The Bangkok Post reports Indonesia plans to build a 30 MW nuclear power plant. Work on the plant will start later this year in Serpong, Banten in the western part of Java Island. The plant is to be built by the National Nuclear Energy Agency, or BATAN, and used to generate power for the surrounding areas. The plant is not very large, being about 30 times smaller than a typical 1 GW reactor. In the past there has been considerable opposition to building nuclear reactors in a country prone to large earthquakes.

South Korea has lowered its need for nuclear power to 29% of the country’s total power supply by 2035, from a planned 41% by 2030. The Star says the Asian country has 23 nuclear reactors, which supply about a third of its electricity. The country’s reliance on nuclear power stood at 26% at the end of 2012.

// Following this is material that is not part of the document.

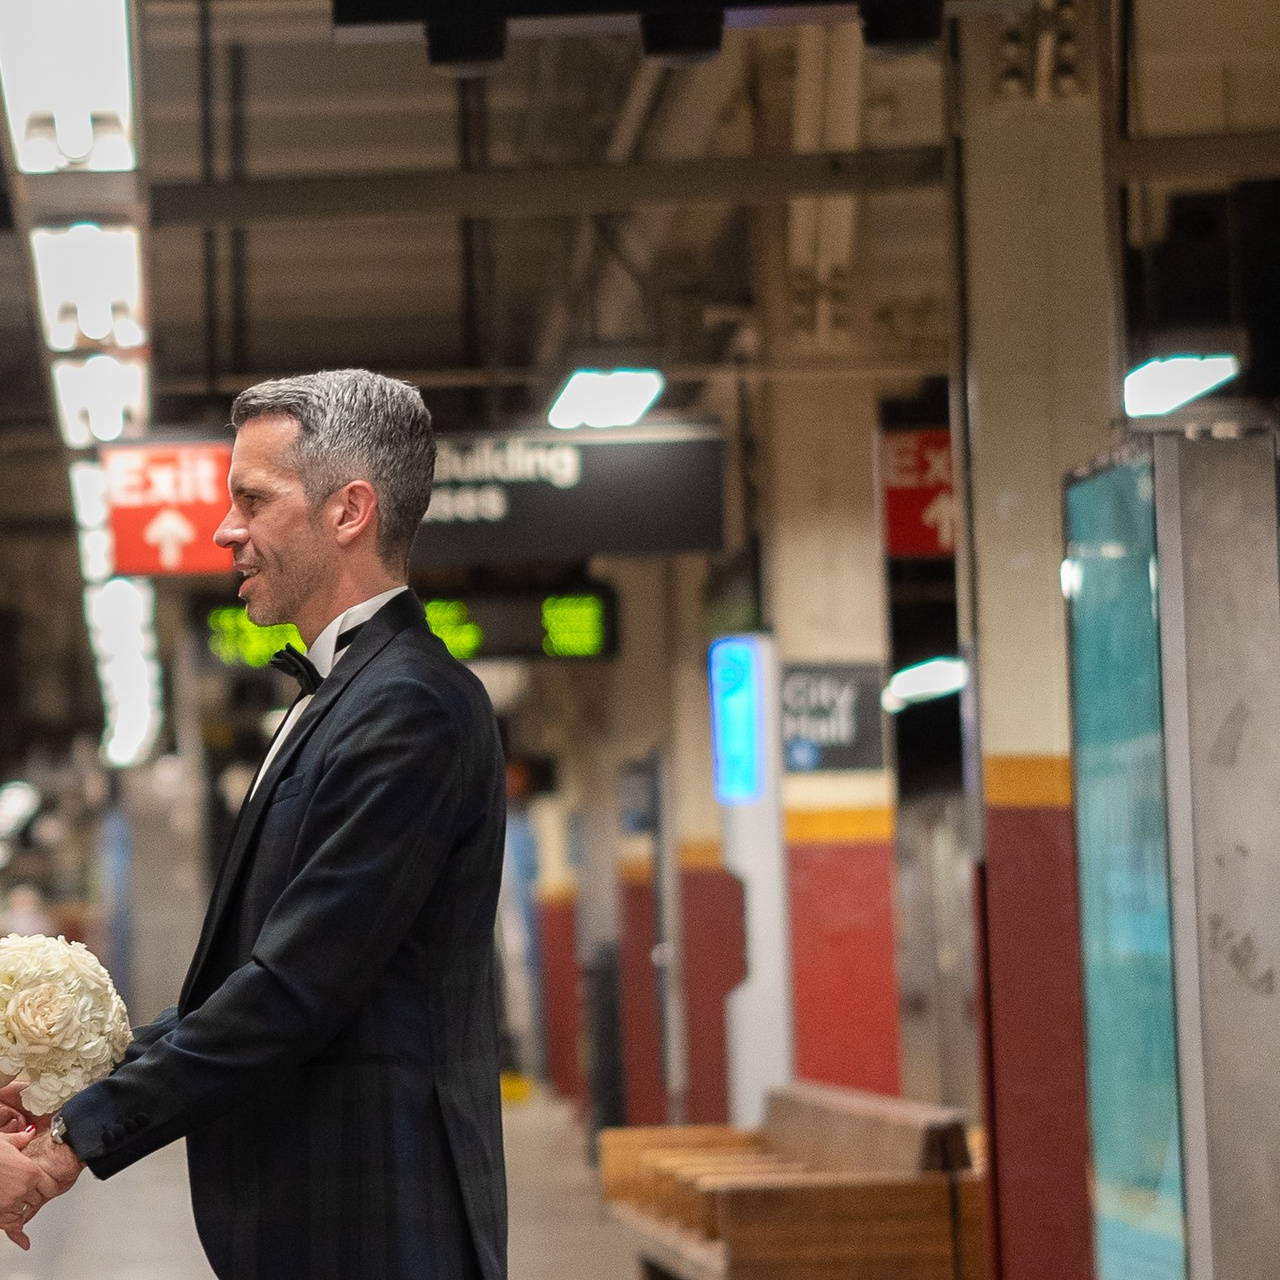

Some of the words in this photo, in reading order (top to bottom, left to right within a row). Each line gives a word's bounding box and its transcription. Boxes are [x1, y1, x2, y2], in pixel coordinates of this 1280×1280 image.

[104, 449, 217, 506] Exit
[879, 433, 952, 488] Ex
[782, 672, 855, 715] City

arab news notes that Pakistan plans to build 6 nuclear power facilities. Pakistan Prime Minister Nawaz Sharif said the country’s Atomic Energy Commission has identified six sites where civil nuclear power plants could be built. The goal is for Pakistan would produce 40 GW of power from nuclear plants till 2050. The government hopes nuclear will ultimately provide a relatively low-cost solution to the continuous power cuts — known euphemistically as “load-shedding” — that hinder daily life in Pakistan. Work will soon begin on a 2.2 GW plant to be built with Chinese technical assistance on the Arabian Sea coast at Paradise Beach, 40 km (25 miles) west of Karachi. Pakistan already has three operational nuclear plants generating a total of around 740 MW of electric power.

Pakistan Atomic Energy Commission engineers will work on the project with help from the China Atomic Energy Authority.
As Pakistan is not party to the Nuclear Non-Proliferation Treaty it is excluded from the international trade in nuclear materials and technology, and can rely only on its neighbor China for help.

See also, Eurasia Review, In Defence Of Nuclear Energy In Pakistan

The Deccan Chronicle tells us one of India’s most important energy projects, the Prototype Fast Breeder Reactor (PFBR), it is expected to go critical in September 2014. When the PFBR goes critical, India will have become a world leader in an area of advanced nuclear technology – fast breeder reactors. As the article explains, India has embarked on a three stage program to eventually run its reactors on thorium, an input fuel in which the country has one-third of world reserves. The post also goes through the history of the past 40 years in which international pressure, led by the US, was put on India to prevent it from building nuclear reactors. Those pressures did not relax until after a deal between India and the US in 2008.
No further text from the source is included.